## Task instructions
Would you retype the listing below word for word, without any of its pictures?
********
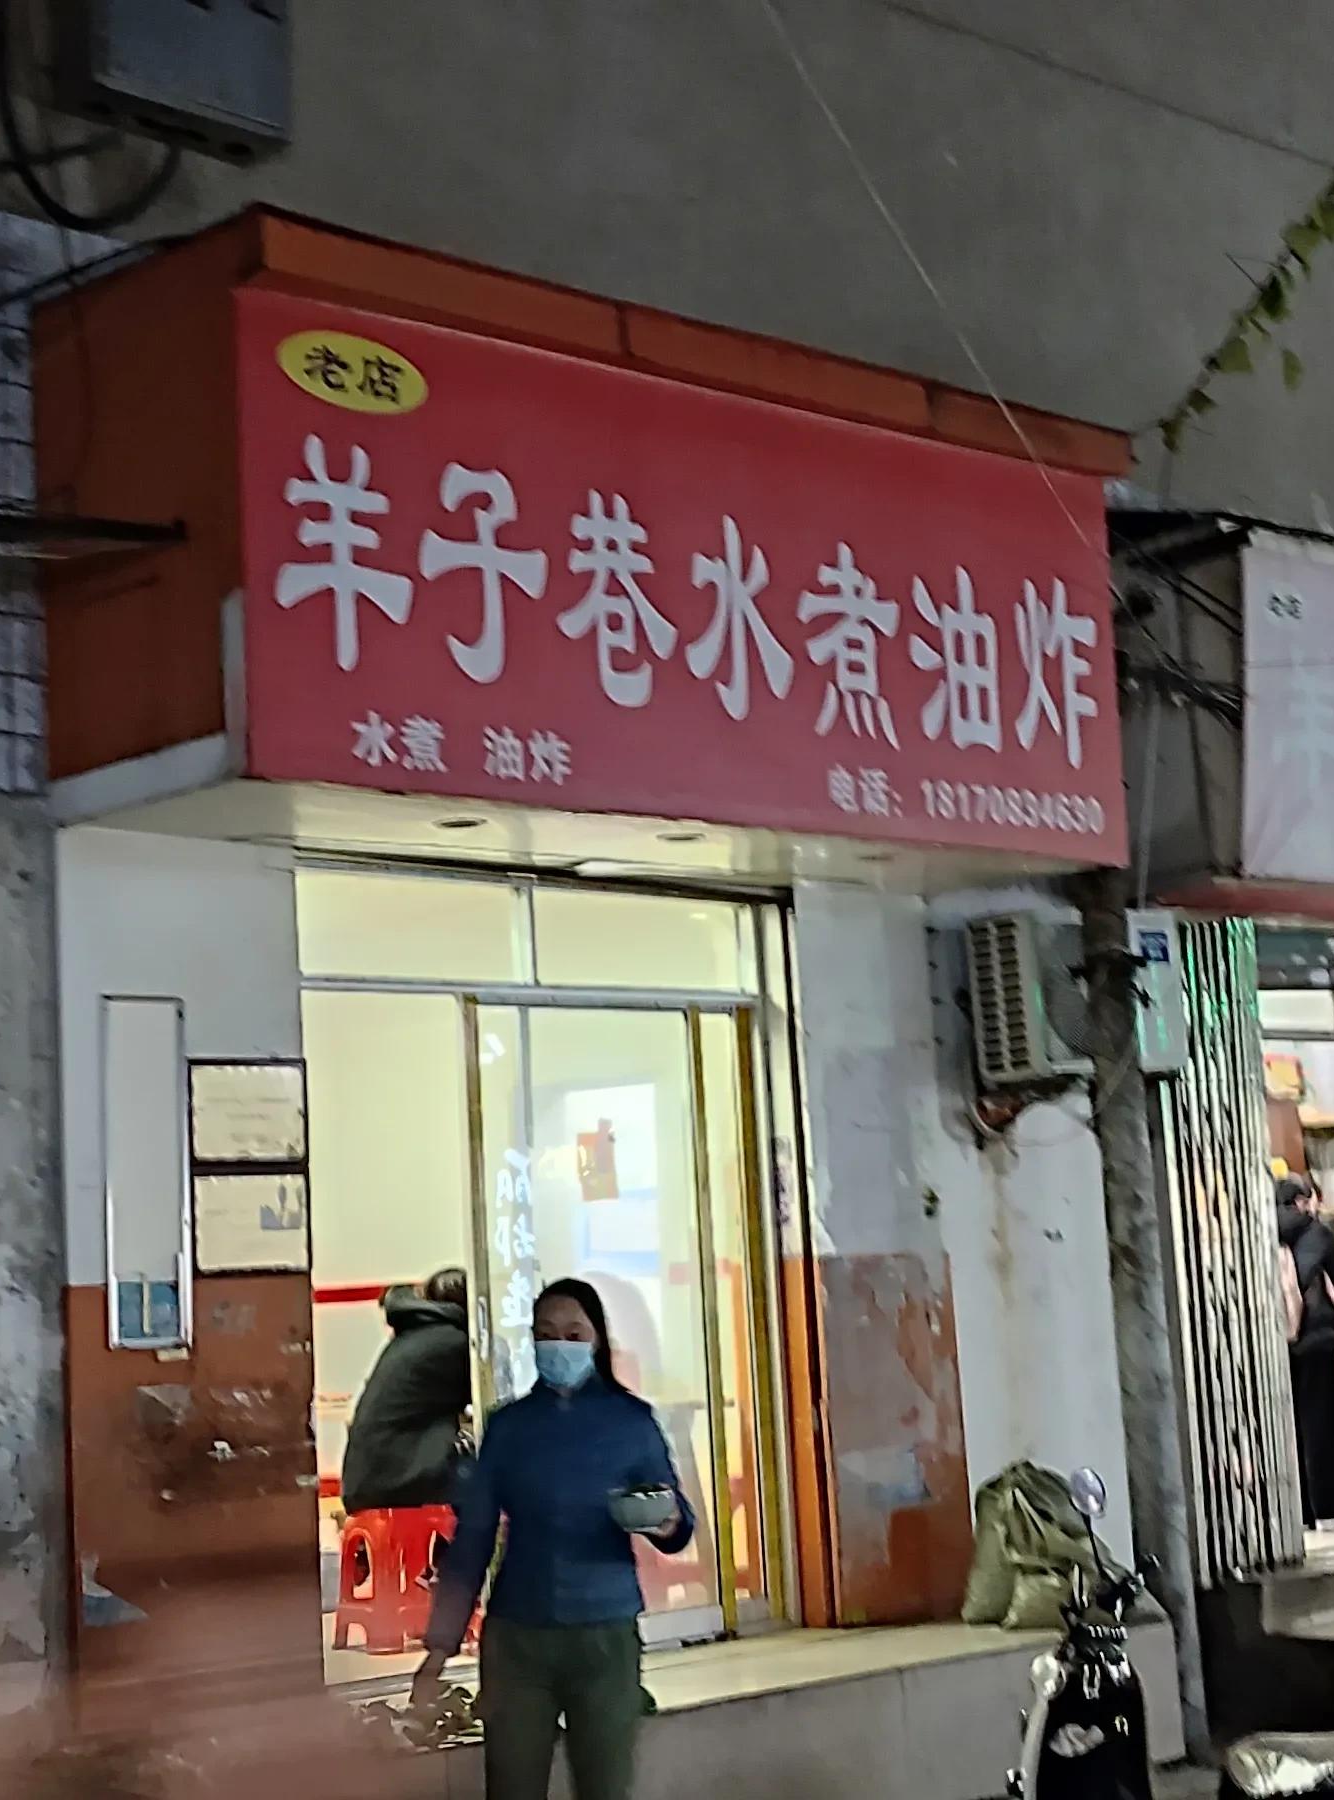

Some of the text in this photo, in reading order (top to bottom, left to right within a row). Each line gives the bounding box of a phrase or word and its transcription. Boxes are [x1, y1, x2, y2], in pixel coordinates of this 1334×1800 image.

[304, 344, 404, 405] 老店
[275, 433, 1098, 770] 羊子巷水煮油炸
[350, 709, 572, 786] 水煮 油炸
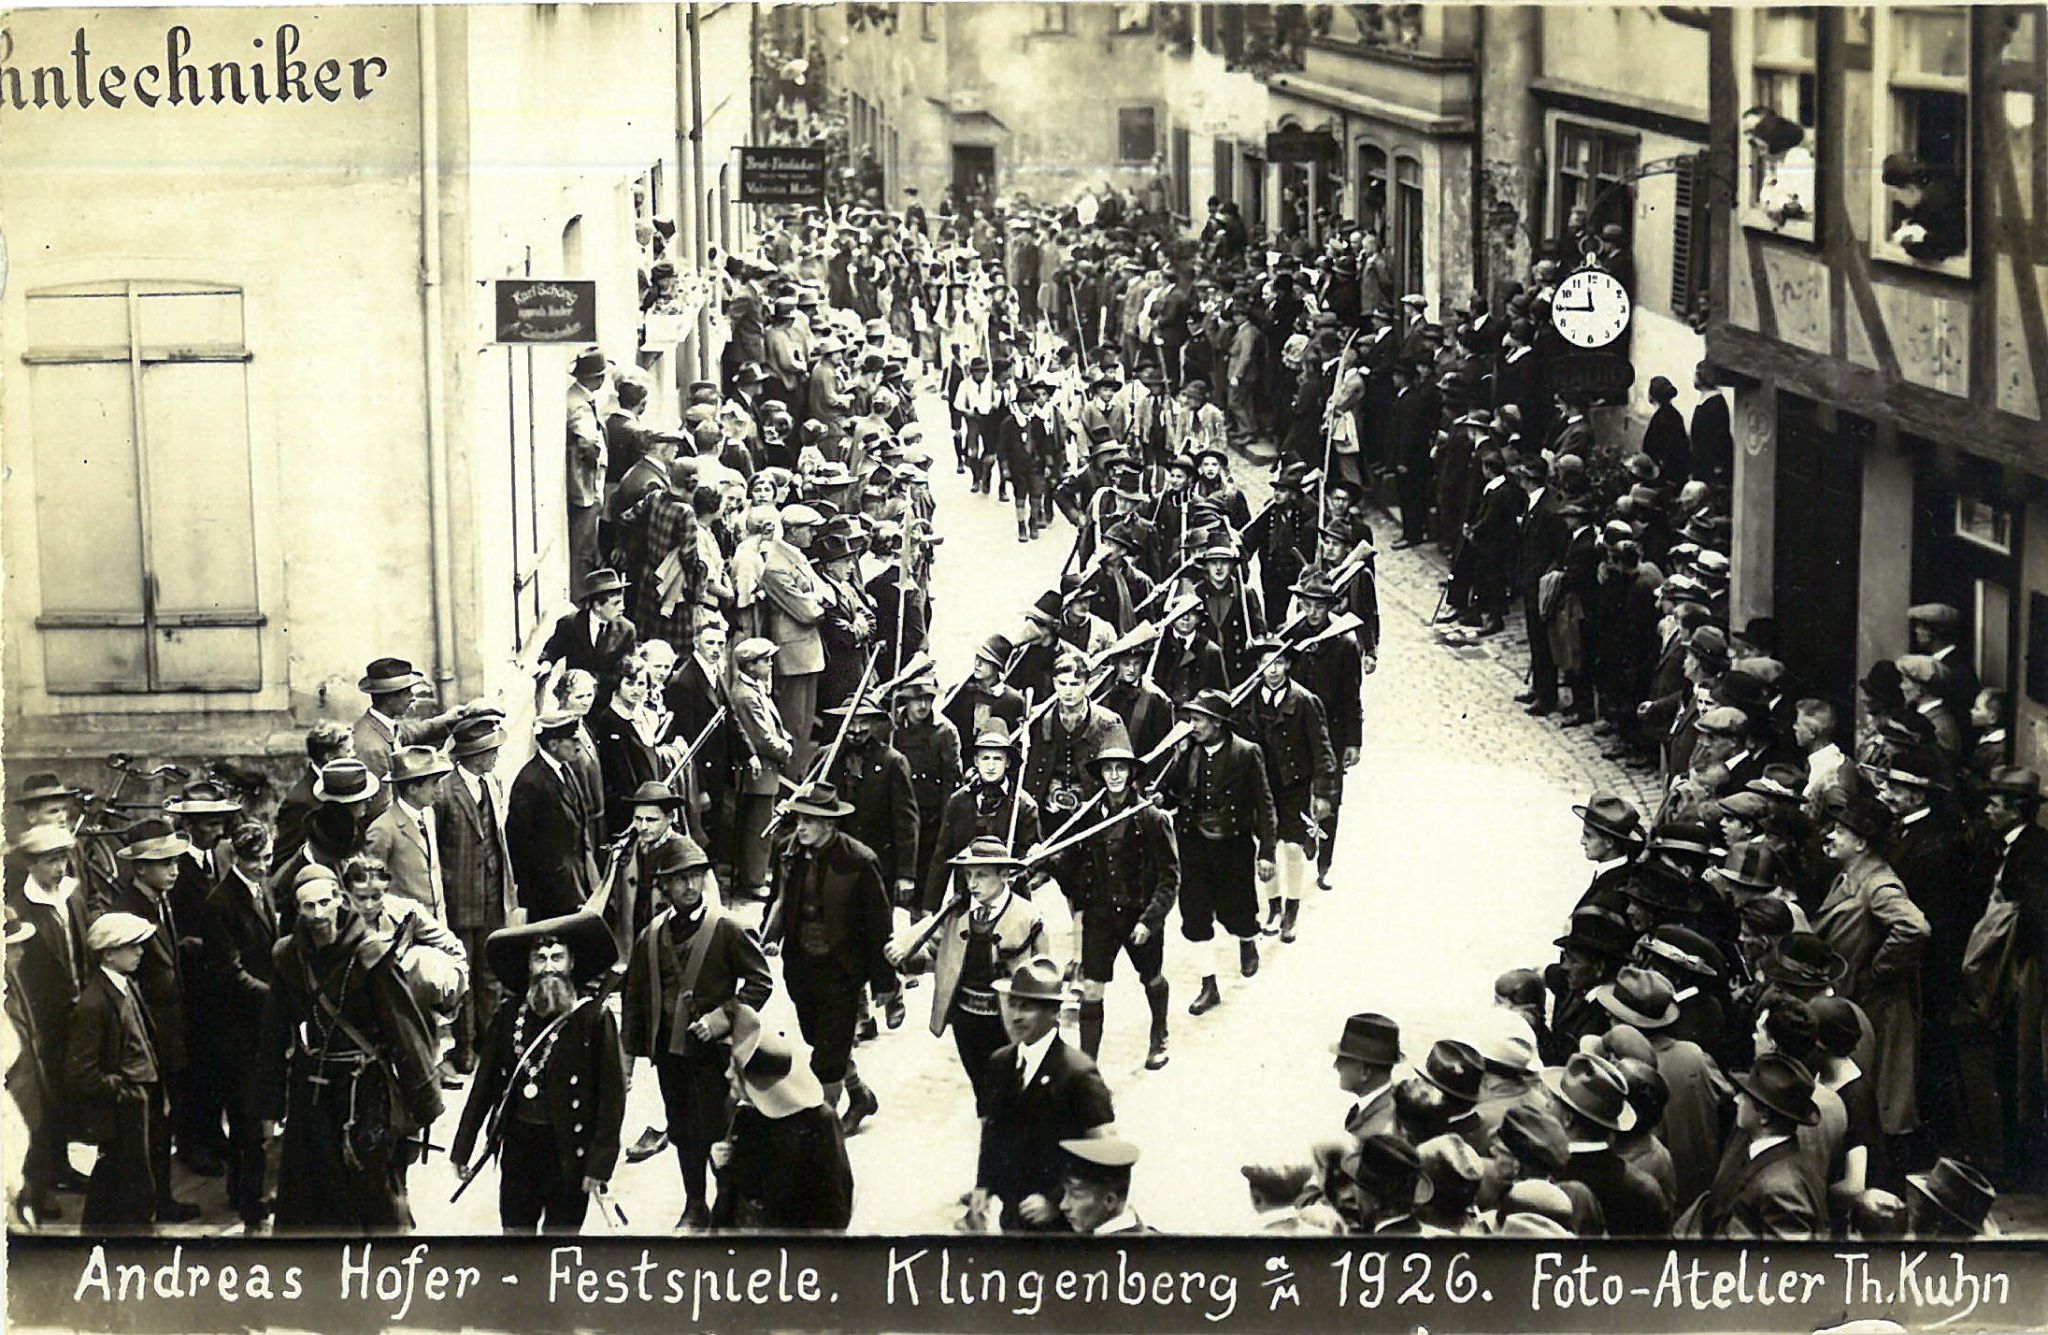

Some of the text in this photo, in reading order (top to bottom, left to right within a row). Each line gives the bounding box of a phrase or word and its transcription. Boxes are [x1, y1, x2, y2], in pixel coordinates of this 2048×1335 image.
********
## Solution for this task
Some of the text in this photo, in reading order (top to bottom, left to right within a row). Each line gives the bounding box of a phrase or word and its transcription. Boxes are [x1, y1, x2, y2], in pixel coordinates of this 1334×1800 image.

[304, 344, 404, 405] 老店
[275, 433, 1098, 770] 羊子巷水煮油炸
[350, 709, 572, 786] 水煮 油炸

Some of the text in this photo, in reading order (top to bottom, left to right within a row). Each line gives the bounding box of a phrase or word and its transcription. Boxes are [x1, y1, x2, y2], in pixel coordinates of this 2048×1335 image.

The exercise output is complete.